» PROBLEM TO SOLVE
Because the copy must hold no pictures, return the data below with all of its words intact.

Phrase grounding data:
-=-=-=-=-

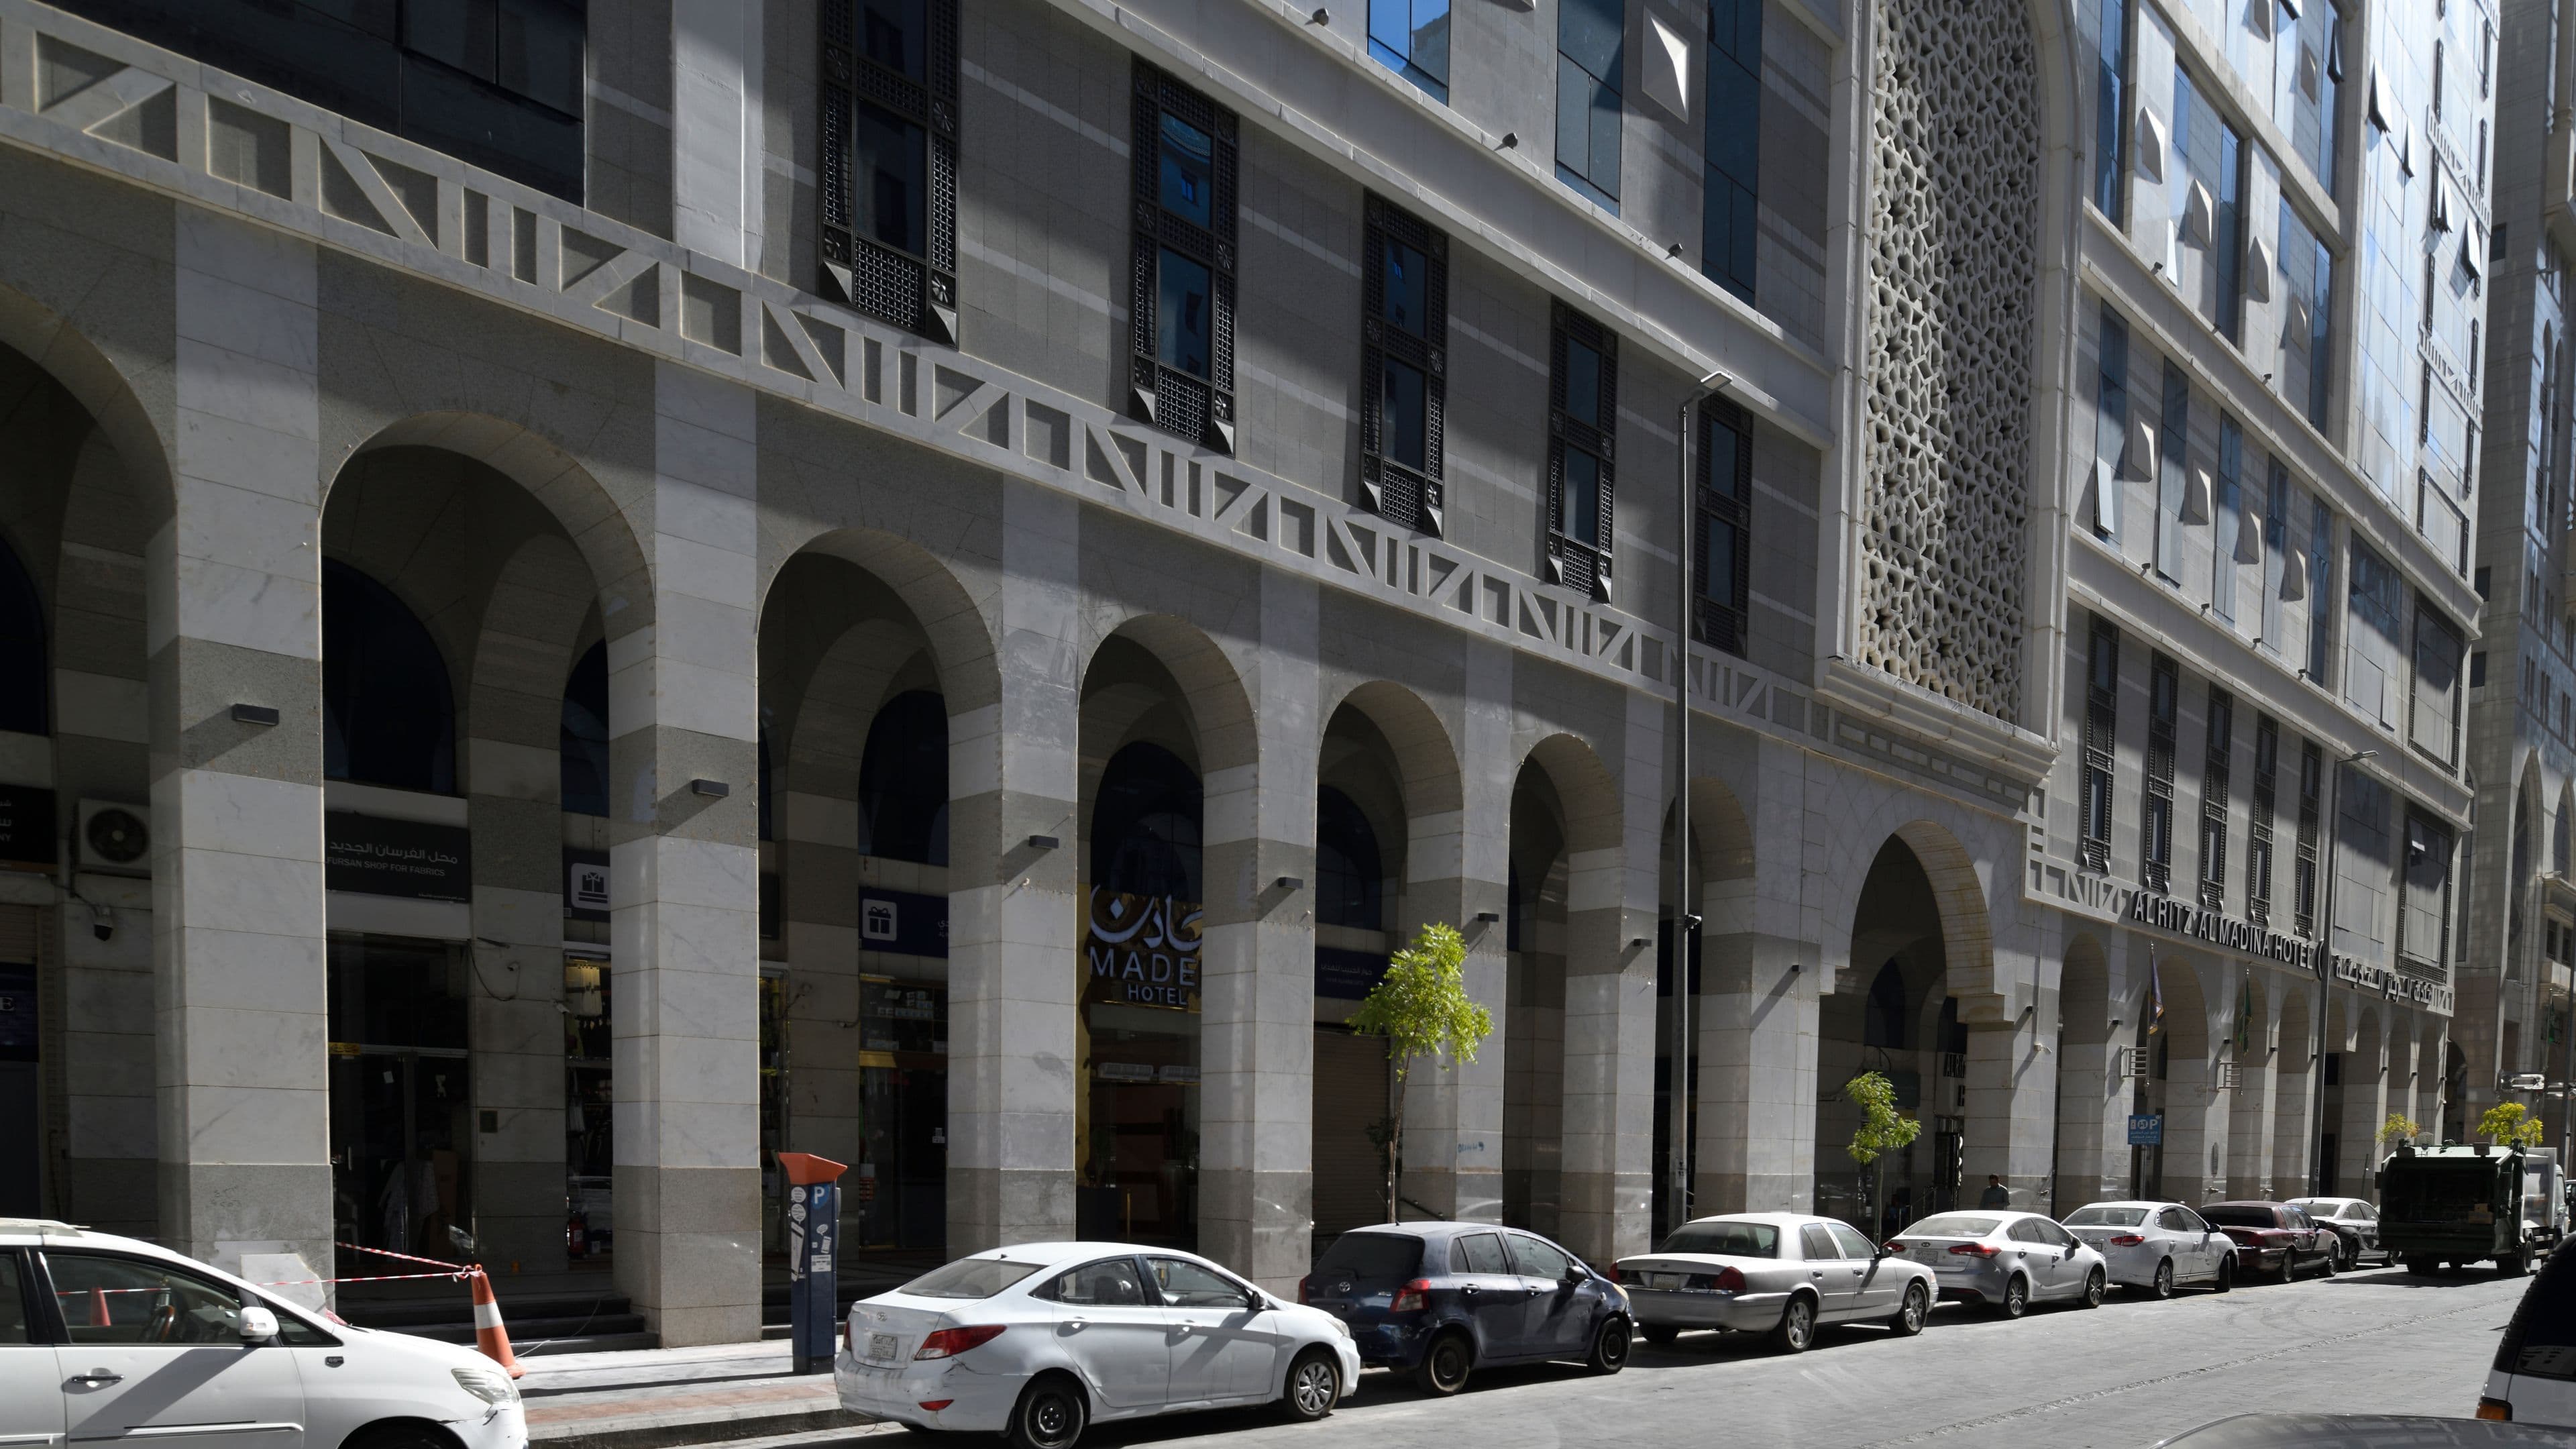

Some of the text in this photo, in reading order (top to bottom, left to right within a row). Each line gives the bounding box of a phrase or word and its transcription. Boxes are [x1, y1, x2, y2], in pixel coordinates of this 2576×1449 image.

[329, 841, 458, 865] محل الفرسان الجديد
[364, 861, 388, 870] SHOP
[390, 863, 408, 873] FOR
[410, 866, 445, 877] FABRICS
[2273, 934, 2315, 970] HOTEL
[1127, 983, 1187, 1005] HOTEL
[2149, 1119, 2158, 1130] P
[814, 1186, 825, 1204] P
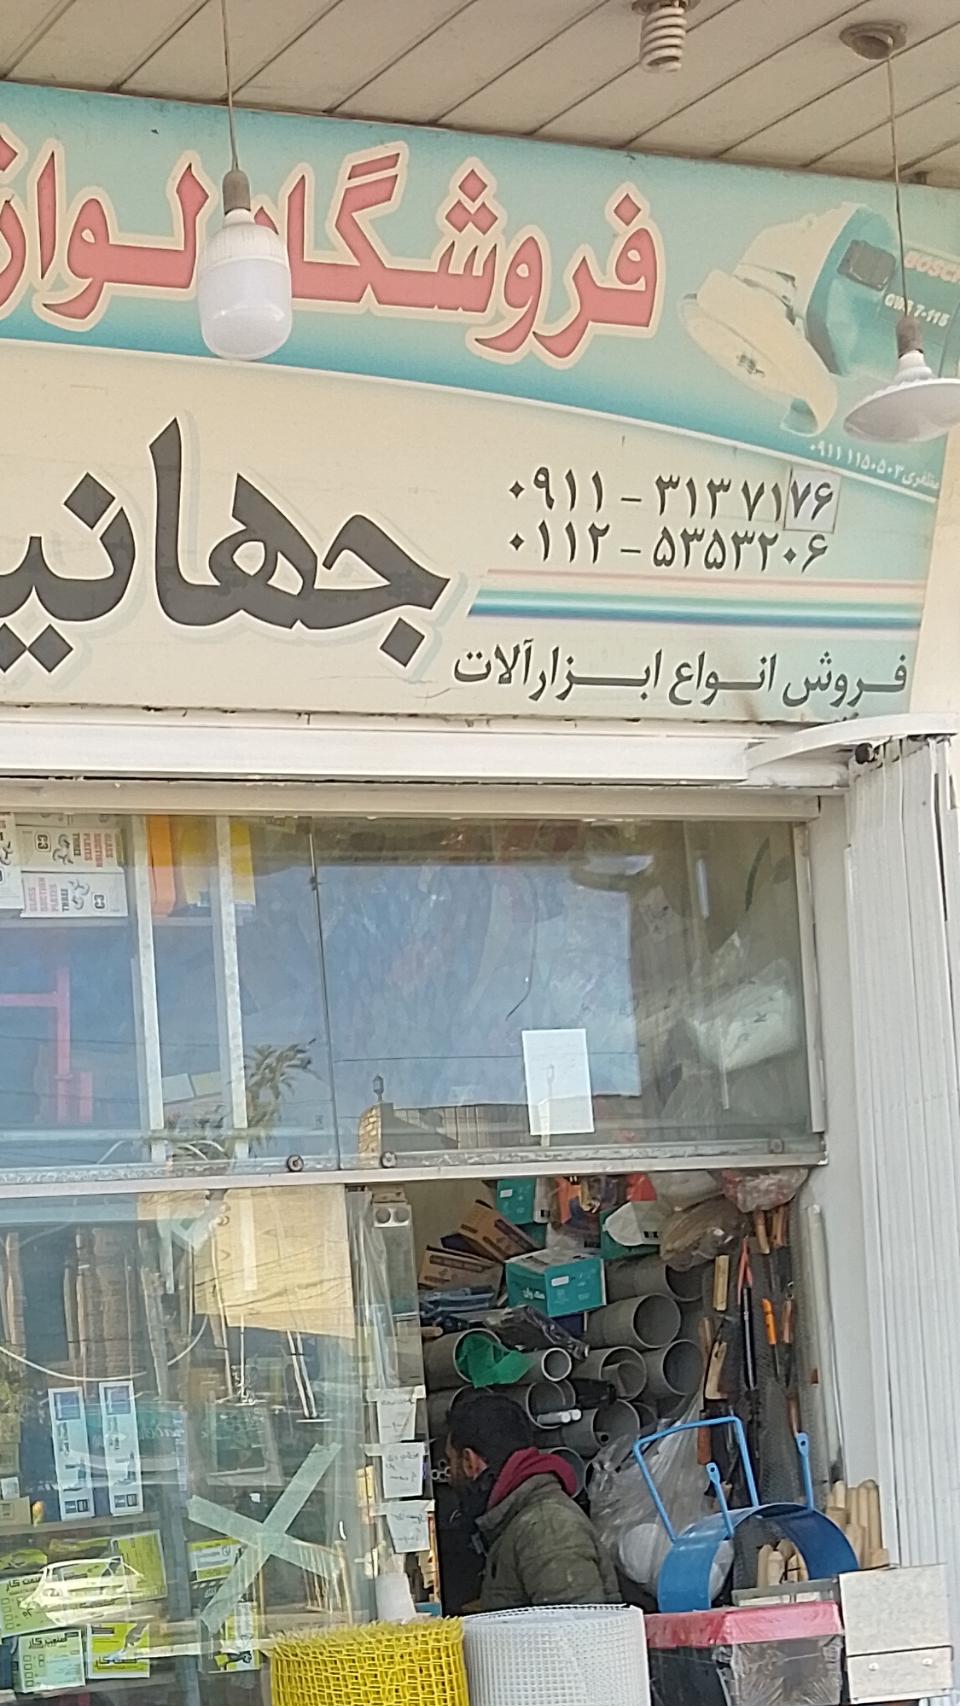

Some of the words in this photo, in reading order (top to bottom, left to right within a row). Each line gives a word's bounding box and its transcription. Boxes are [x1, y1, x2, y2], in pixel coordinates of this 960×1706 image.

[253, 150, 658, 360] فروشگا
[668, 650, 778, 706] انواع
[782, 650, 908, 708] فروش
[37, 834, 49, 850] C3
[94, 894, 106, 909] C3
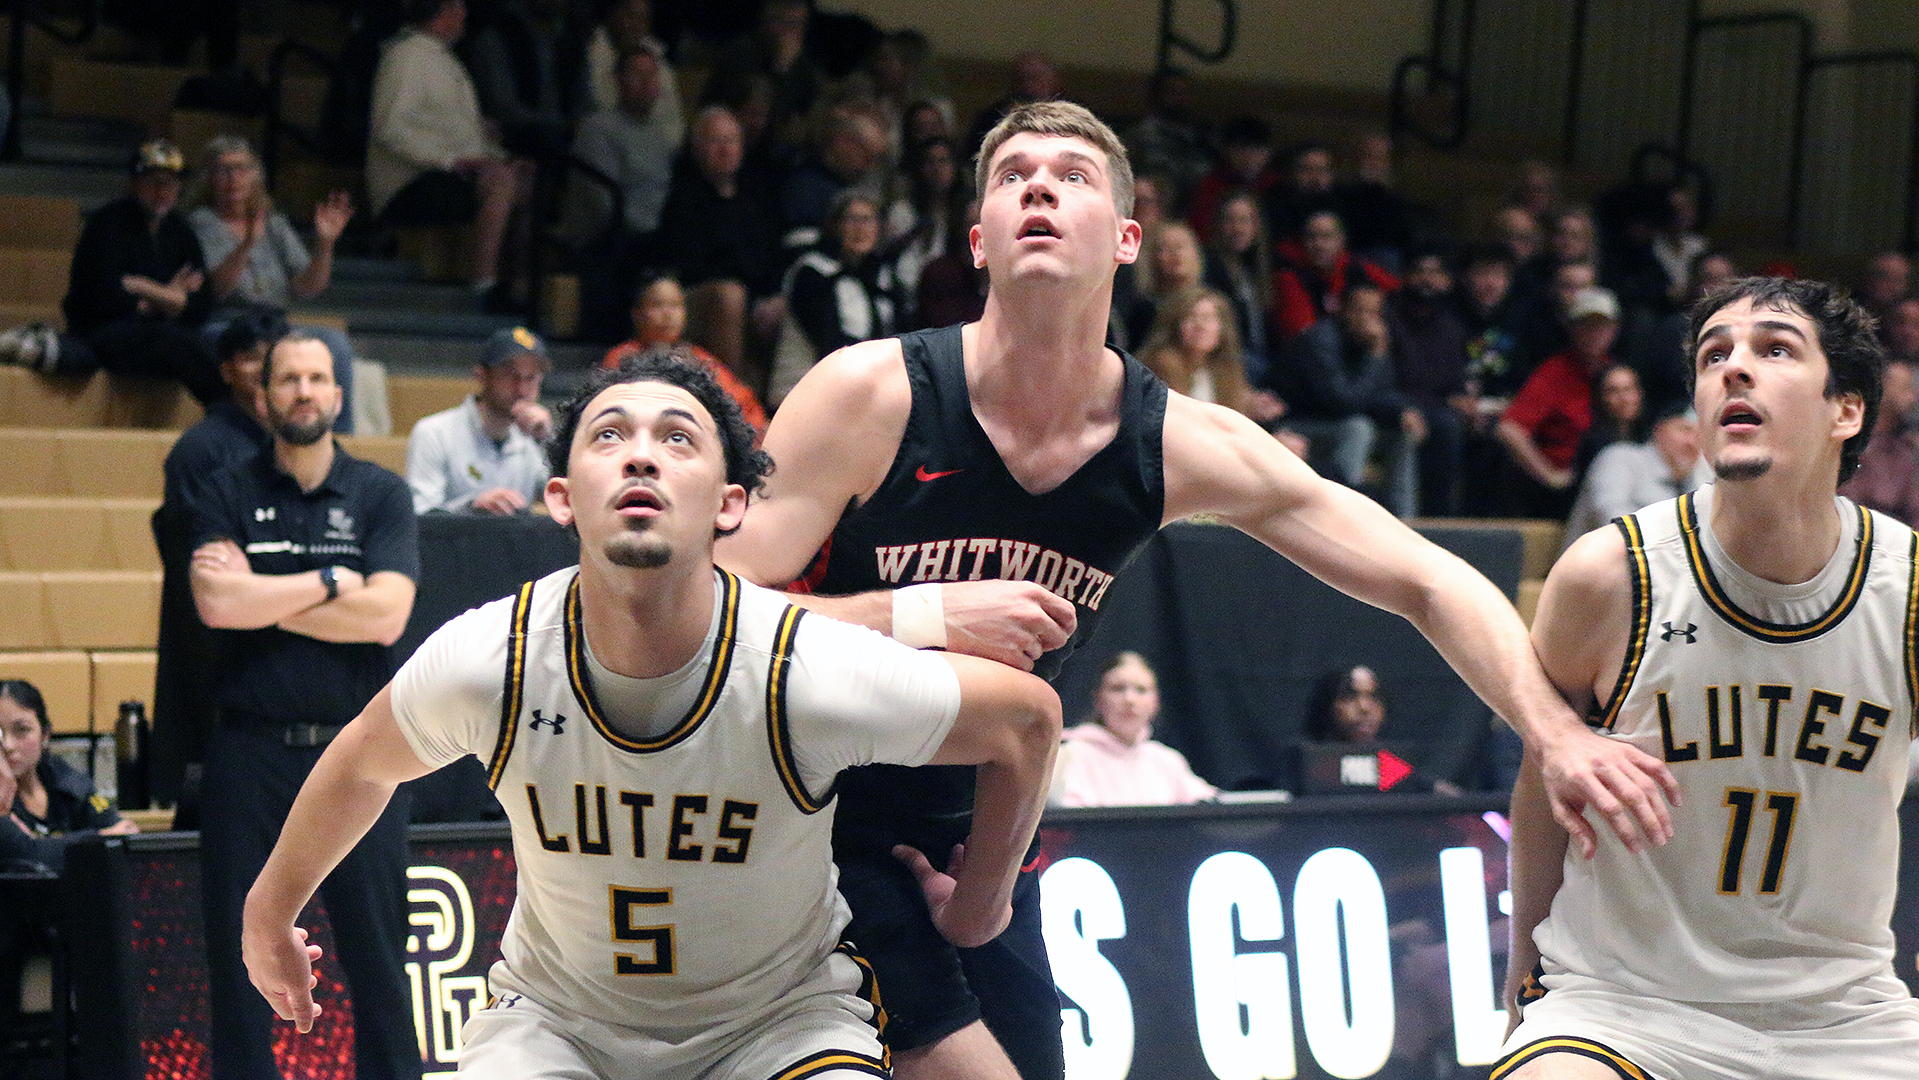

-=-=-=-=-

» FINISHED EXERCISE
Some of the text in this photo, in reading order (top to bottom, left to right within a row). Each line gives the bounding box of a phrase or word and its transcription. Boxes are [x1, y1, x2, y2], in pixel coordinates of this 2576×1449 image.

[329, 841, 458, 865] محل الفرسان الجديد
[364, 861, 388, 870] SHOP
[390, 863, 408, 873] FOR
[410, 866, 445, 877] FABRICS
[2273, 934, 2315, 970] HOTEL
[1127, 983, 1187, 1005] HOTEL
[2149, 1119, 2158, 1130] P
[814, 1186, 825, 1204] P

Some of the words in this photo, in reading order (top to bottom, left to right within a row). Each line gives a word's bounding box and its transcription. Boxes are [x1, y1, x2, y2], in pixel coordinates of this 960×1706 image.

[253, 150, 658, 360] فروشگا
[668, 650, 778, 706] انواع
[782, 650, 908, 708] فروش
[37, 834, 49, 850] C3
[94, 894, 106, 909] C3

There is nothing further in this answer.